Het begin van de tocht was niet onaardig. De bebouwde kom van Apeldoorn werd zoveel mogelijk vermeden door parkpaden en achterommetjes maar om in de bossen aan de andere kant van de A1 te komen, moesten we helaas een industrieterrein gedogen. Het was gelukkig van korte duur. We passeerden de A1 en kwamen terecht in het gebied van het Gelders Landschap.

Het terrein van 460 ha bestaat uit het eigenlijke landgoed Bruggelen, dat ook bekend staat als Engelanderholt, als bezit van de Bruggeler- of Engelandermark. Dat wil zeggen dat het gezamenlijk eigendom was van de plaatselijke boeren.

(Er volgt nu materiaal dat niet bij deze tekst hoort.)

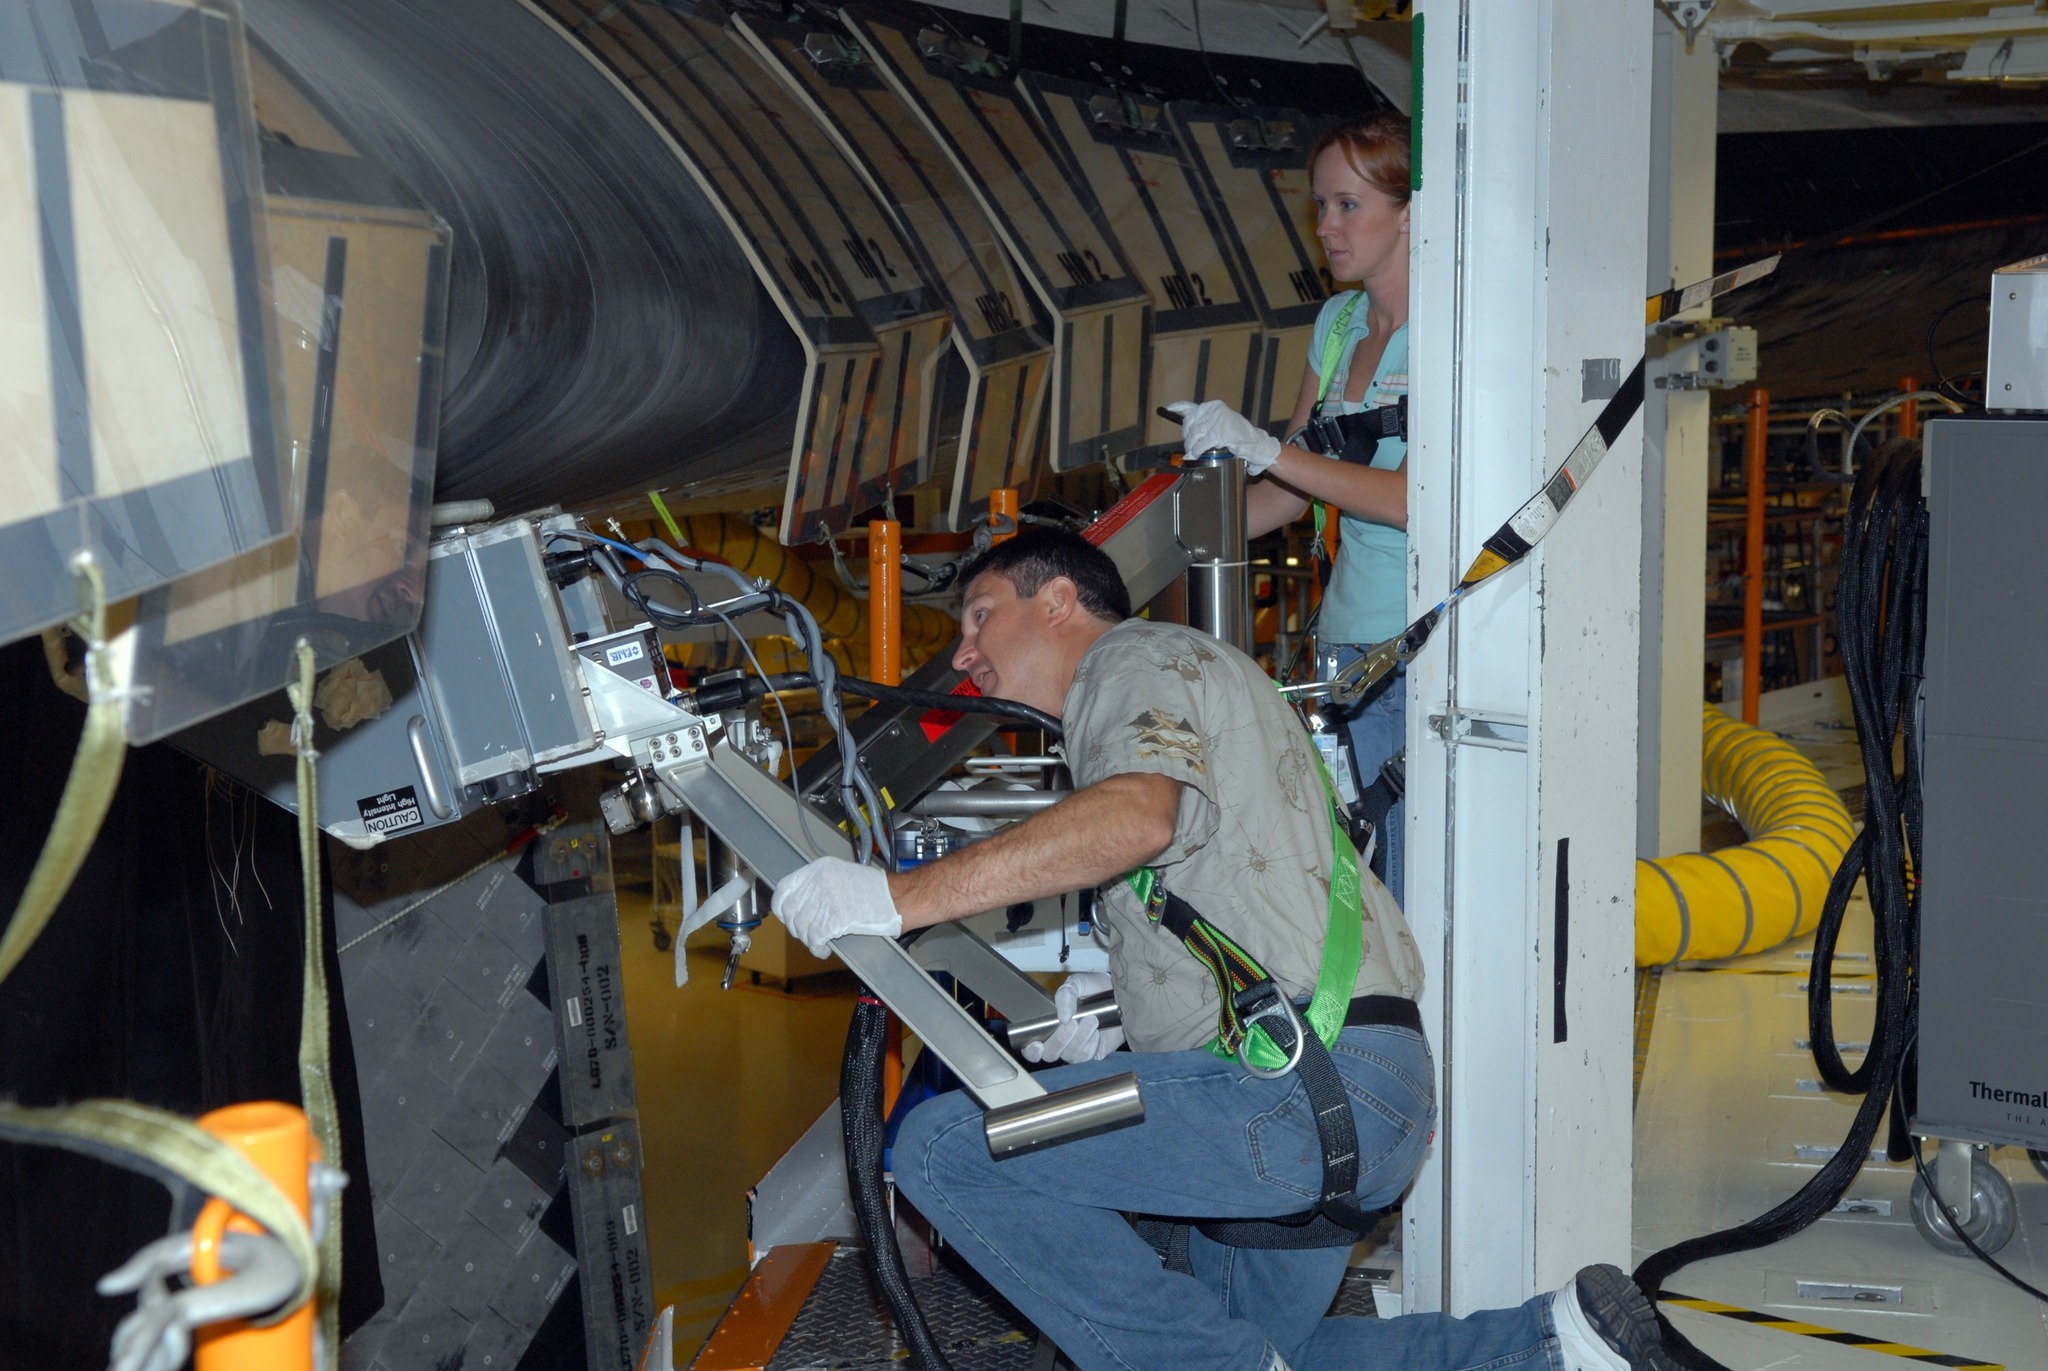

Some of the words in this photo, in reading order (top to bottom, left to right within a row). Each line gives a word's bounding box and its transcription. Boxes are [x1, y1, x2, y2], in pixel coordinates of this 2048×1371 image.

De naam Engeland is in dit verband afgeleid van ‘eng’ of ‘enk’. Een enk was het geheel van bijeenliggend bouwland van de markegenoten. Bruggelen is een gevarieerd boslandschap met naald- en loofbouw en enkele heideveldjes. Het landhuis Bruggelen passeerden wij op afstand. Helaas was de directe omgeving daarvan niet vrij toegankelijk. Aardig detail was wel dat het houten huis als bouwpakket in 1911 vanuit Noorwegen werd ingevoerd. Het huis viel op door zijn zorgvuldige detaillering. Het is opgebouwd op een bakstenen plint. Huis Bruggelen heeft niet alleen overstekende daken maar ook de bij deze houten huizen veel voorkomende veranda’s en balkons zijn voorzien van gedecoreerd houtwerk. In het arboretum in de omgeving van het landhuis staan niet minder dan 50 tot 60 soorten exotische bomen. Op het landgoed liggen vijf grafheuvels van circa 4000 jaar oud. Verder is Bruggelen onderdeel van de ecologische verbinding van het bosgebied van de Veluwe met de IJsselvallei. Bruggelen is ook jaarlijks het decor van een internationale menwedstrijd. Toen we dit gebied met verharde en onverharde paden, smal en breed, klimmend en dalend hadden verkend, waren we toe aan de soep in Beekbergen. We hadden daar 10.760 meter afgelegd.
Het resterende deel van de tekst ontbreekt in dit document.